[Opening THE INPUT section]
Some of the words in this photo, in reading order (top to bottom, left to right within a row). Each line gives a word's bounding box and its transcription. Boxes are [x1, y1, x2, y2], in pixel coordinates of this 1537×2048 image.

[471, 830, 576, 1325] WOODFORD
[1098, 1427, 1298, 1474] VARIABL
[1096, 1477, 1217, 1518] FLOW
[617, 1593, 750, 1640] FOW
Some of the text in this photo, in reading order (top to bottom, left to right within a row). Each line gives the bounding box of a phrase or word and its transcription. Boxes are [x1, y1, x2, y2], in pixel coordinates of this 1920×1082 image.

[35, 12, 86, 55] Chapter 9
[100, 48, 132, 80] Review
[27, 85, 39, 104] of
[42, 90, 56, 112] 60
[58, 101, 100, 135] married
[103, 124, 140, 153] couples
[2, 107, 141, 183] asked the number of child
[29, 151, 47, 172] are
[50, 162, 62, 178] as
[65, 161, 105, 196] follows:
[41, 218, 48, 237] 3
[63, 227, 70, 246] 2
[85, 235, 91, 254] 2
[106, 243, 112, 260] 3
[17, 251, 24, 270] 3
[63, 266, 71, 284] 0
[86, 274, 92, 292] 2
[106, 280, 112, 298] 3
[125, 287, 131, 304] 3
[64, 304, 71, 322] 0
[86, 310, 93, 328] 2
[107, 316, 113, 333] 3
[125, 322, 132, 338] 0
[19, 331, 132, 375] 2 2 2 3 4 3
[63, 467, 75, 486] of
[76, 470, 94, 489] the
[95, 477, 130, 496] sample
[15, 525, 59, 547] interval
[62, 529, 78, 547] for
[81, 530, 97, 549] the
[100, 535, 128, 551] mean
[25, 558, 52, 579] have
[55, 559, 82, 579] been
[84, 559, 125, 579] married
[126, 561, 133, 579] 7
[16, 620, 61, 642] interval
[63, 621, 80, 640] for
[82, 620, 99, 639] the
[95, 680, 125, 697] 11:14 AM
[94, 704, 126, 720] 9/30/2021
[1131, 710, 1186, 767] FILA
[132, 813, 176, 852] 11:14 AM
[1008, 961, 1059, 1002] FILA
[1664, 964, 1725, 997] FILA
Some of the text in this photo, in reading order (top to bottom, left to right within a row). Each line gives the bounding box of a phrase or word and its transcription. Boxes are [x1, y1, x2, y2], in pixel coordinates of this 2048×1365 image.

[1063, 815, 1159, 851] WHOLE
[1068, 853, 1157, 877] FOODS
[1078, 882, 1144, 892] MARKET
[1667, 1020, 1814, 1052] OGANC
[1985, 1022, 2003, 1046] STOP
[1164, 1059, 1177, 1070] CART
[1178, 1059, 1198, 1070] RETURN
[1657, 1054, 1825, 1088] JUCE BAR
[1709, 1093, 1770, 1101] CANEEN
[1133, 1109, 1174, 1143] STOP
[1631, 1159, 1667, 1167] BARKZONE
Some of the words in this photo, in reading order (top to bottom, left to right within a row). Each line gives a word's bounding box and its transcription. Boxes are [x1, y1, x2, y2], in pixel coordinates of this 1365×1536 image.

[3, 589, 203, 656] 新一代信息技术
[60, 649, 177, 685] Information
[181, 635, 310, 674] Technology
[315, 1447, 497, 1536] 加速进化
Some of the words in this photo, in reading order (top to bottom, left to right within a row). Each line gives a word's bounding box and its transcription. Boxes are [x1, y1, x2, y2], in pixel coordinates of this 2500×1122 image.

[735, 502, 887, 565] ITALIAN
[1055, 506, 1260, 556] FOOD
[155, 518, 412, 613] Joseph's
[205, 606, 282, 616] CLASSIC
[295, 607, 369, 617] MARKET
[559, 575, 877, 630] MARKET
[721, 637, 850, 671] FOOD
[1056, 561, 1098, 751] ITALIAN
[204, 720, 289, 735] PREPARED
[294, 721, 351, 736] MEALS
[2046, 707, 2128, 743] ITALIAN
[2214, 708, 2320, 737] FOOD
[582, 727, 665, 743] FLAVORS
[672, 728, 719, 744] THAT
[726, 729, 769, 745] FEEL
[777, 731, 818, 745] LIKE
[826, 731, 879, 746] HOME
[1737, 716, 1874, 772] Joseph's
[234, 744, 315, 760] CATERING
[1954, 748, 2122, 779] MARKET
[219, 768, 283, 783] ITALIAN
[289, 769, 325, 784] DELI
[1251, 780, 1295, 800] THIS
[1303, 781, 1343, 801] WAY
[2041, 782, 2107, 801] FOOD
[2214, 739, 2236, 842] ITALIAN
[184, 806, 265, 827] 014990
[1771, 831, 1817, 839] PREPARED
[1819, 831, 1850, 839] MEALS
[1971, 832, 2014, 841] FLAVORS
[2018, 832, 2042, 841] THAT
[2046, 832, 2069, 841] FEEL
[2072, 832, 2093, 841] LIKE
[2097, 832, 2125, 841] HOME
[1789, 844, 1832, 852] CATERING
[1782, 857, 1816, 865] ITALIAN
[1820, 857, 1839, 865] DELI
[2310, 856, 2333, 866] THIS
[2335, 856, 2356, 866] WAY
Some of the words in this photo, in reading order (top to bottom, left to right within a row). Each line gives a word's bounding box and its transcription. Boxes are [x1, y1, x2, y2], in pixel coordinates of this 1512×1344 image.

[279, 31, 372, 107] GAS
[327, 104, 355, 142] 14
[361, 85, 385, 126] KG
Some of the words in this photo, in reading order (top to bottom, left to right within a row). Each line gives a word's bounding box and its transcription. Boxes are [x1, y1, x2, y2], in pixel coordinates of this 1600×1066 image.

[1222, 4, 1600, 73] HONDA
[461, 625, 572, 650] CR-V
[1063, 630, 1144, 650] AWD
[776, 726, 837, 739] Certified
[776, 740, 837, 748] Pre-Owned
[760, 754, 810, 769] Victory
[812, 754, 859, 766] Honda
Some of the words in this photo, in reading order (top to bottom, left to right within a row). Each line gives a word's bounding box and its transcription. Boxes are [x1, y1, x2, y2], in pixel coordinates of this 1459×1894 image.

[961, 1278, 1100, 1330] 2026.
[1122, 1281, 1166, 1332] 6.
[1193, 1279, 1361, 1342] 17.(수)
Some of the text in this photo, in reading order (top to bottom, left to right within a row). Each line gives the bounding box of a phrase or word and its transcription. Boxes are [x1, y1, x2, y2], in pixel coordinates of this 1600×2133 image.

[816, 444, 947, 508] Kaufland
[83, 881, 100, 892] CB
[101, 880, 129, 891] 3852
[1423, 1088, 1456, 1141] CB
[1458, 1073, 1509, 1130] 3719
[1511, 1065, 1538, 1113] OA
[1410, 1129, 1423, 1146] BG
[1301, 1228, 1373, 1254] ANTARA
[Closing THE INPUT section]
* _WHAT IS NEEDED_
Give back every entry, word for word.

* _RESPONSE AREA_
Some of the words in this photo, in reading order (top to bottom, left to right within a row). Each line gives a word's bounding box and its transcription. Boxes are [x1, y1, x2, y2], in pixel coordinates of this 1537×2048 image.

[471, 830, 576, 1325] WOODFORD
[1098, 1427, 1298, 1474] VARIABL
[1096, 1477, 1217, 1518] FLOW
[617, 1593, 750, 1640] FOW
Some of the text in this photo, in reading order (top to bottom, left to right within a row). Each line gives the bounding box of a phrase or word and its transcription. Boxes are [x1, y1, x2, y2], in pixel coordinates of this 1920×1082 image.

[35, 12, 86, 55] Chapter 9
[100, 48, 132, 80] Review
[27, 85, 39, 104] of
[42, 90, 56, 112] 60
[58, 101, 100, 135] married
[103, 124, 140, 153] couples
[2, 107, 141, 183] asked the number of child
[29, 151, 47, 172] are
[50, 162, 62, 178] as
[65, 161, 105, 196] follows:
[41, 218, 48, 237] 3
[63, 227, 70, 246] 2
[85, 235, 91, 254] 2
[106, 243, 112, 260] 3
[17, 251, 24, 270] 3
[63, 266, 71, 284] 0
[86, 274, 92, 292] 2
[106, 280, 112, 298] 3
[125, 287, 131, 304] 3
[64, 304, 71, 322] 0
[86, 310, 93, 328] 2
[107, 316, 113, 333] 3
[125, 322, 132, 338] 0
[19, 331, 132, 375] 2 2 2 3 4 3
[63, 467, 75, 486] of
[76, 470, 94, 489] the
[95, 477, 130, 496] sample
[15, 525, 59, 547] interval
[62, 529, 78, 547] for
[81, 530, 97, 549] the
[100, 535, 128, 551] mean
[25, 558, 52, 579] have
[55, 559, 82, 579] been
[84, 559, 125, 579] married
[126, 561, 133, 579] 7
[16, 620, 61, 642] interval
[63, 621, 80, 640] for
[82, 620, 99, 639] the
[95, 680, 125, 697] 11:14 AM
[94, 704, 126, 720] 9/30/2021
[1131, 710, 1186, 767] FILA
[132, 813, 176, 852] 11:14 AM
[1008, 961, 1059, 1002] FILA
[1664, 964, 1725, 997] FILA
Some of the text in this photo, in reading order (top to bottom, left to right within a row). Each line gives the bounding box of a phrase or word and its transcription. Boxes are [x1, y1, x2, y2], in pixel coordinates of this 2048×1365 image.

[1063, 815, 1159, 851] WHOLE
[1068, 853, 1157, 877] FOODS
[1078, 882, 1144, 892] MARKET
[1667, 1020, 1814, 1052] OGANC
[1985, 1022, 2003, 1046] STOP
[1164, 1059, 1177, 1070] CART
[1178, 1059, 1198, 1070] RETURN
[1657, 1054, 1825, 1088] JUCE BAR
[1709, 1093, 1770, 1101] CANEEN
[1133, 1109, 1174, 1143] STOP
[1631, 1159, 1667, 1167] BARKZONE
Some of the words in this photo, in reading order (top to bottom, left to right within a row). Each line gives a word's bounding box and its transcription. Boxes are [x1, y1, x2, y2], in pixel coordinates of this 1365×1536 image.

[3, 589, 203, 656] 新一代信息技术
[60, 649, 177, 685] Information
[181, 635, 310, 674] Technology
[315, 1447, 497, 1536] 加速进化
Some of the words in this photo, in reading order (top to bottom, left to right within a row). Each line gives a word's bounding box and its transcription. Boxes are [x1, y1, x2, y2], in pixel coordinates of this 2500×1122 image.

[735, 502, 887, 565] ITALIAN
[1055, 506, 1260, 556] FOOD
[155, 518, 412, 613] Joseph's
[205, 606, 282, 616] CLASSIC
[295, 607, 369, 617] MARKET
[559, 575, 877, 630] MARKET
[721, 637, 850, 671] FOOD
[1056, 561, 1098, 751] ITALIAN
[204, 720, 289, 735] PREPARED
[294, 721, 351, 736] MEALS
[2046, 707, 2128, 743] ITALIAN
[2214, 708, 2320, 737] FOOD
[582, 727, 665, 743] FLAVORS
[672, 728, 719, 744] THAT
[726, 729, 769, 745] FEEL
[777, 731, 818, 745] LIKE
[826, 731, 879, 746] HOME
[1737, 716, 1874, 772] Joseph's
[234, 744, 315, 760] CATERING
[1954, 748, 2122, 779] MARKET
[219, 768, 283, 783] ITALIAN
[289, 769, 325, 784] DELI
[1251, 780, 1295, 800] THIS
[1303, 781, 1343, 801] WAY
[2041, 782, 2107, 801] FOOD
[2214, 739, 2236, 842] ITALIAN
[184, 806, 265, 827] 014990
[1771, 831, 1817, 839] PREPARED
[1819, 831, 1850, 839] MEALS
[1971, 832, 2014, 841] FLAVORS
[2018, 832, 2042, 841] THAT
[2046, 832, 2069, 841] FEEL
[2072, 832, 2093, 841] LIKE
[2097, 832, 2125, 841] HOME
[1789, 844, 1832, 852] CATERING
[1782, 857, 1816, 865] ITALIAN
[1820, 857, 1839, 865] DELI
[2310, 856, 2333, 866] THIS
[2335, 856, 2356, 866] WAY
Some of the words in this photo, in reading order (top to bottom, left to right within a row). Each line gives a word's bounding box and its transcription. Boxes are [x1, y1, x2, y2], in pixel coordinates of this 1512×1344 image.

[279, 31, 372, 107] GAS
[327, 104, 355, 142] 14
[361, 85, 385, 126] KG
Some of the words in this photo, in reading order (top to bottom, left to right within a row). Each line gives a word's bounding box and its transcription. Boxes are [x1, y1, x2, y2], in pixel coordinates of this 1600×1066 image.

[1222, 4, 1600, 73] HONDA
[461, 625, 572, 650] CR-V
[1063, 630, 1144, 650] AWD
[776, 726, 837, 739] Certified
[776, 740, 837, 748] Pre-Owned
[760, 754, 810, 769] Victory
[812, 754, 859, 766] Honda
Some of the words in this photo, in reading order (top to bottom, left to right within a row). Each line gives a word's bounding box and its transcription. Boxes are [x1, y1, x2, y2], in pixel coordinates of this 1459×1894 image.

[961, 1278, 1100, 1330] 2026.
[1122, 1281, 1166, 1332] 6.
[1193, 1279, 1361, 1342] 17.(수)
Some of the text in this photo, in reading order (top to bottom, left to right within a row). Each line gives the bounding box of a phrase or word and its transcription. Boxes are [x1, y1, x2, y2], in pixel coordinates of this 1600×2133 image.

[816, 444, 947, 508] Kaufland
[83, 881, 100, 892] CB
[101, 880, 129, 891] 3852
[1423, 1088, 1456, 1141] CB
[1458, 1073, 1509, 1130] 3719
[1511, 1065, 1538, 1113] OA
[1410, 1129, 1423, 1146] BG
[1301, 1228, 1373, 1254] ANTARA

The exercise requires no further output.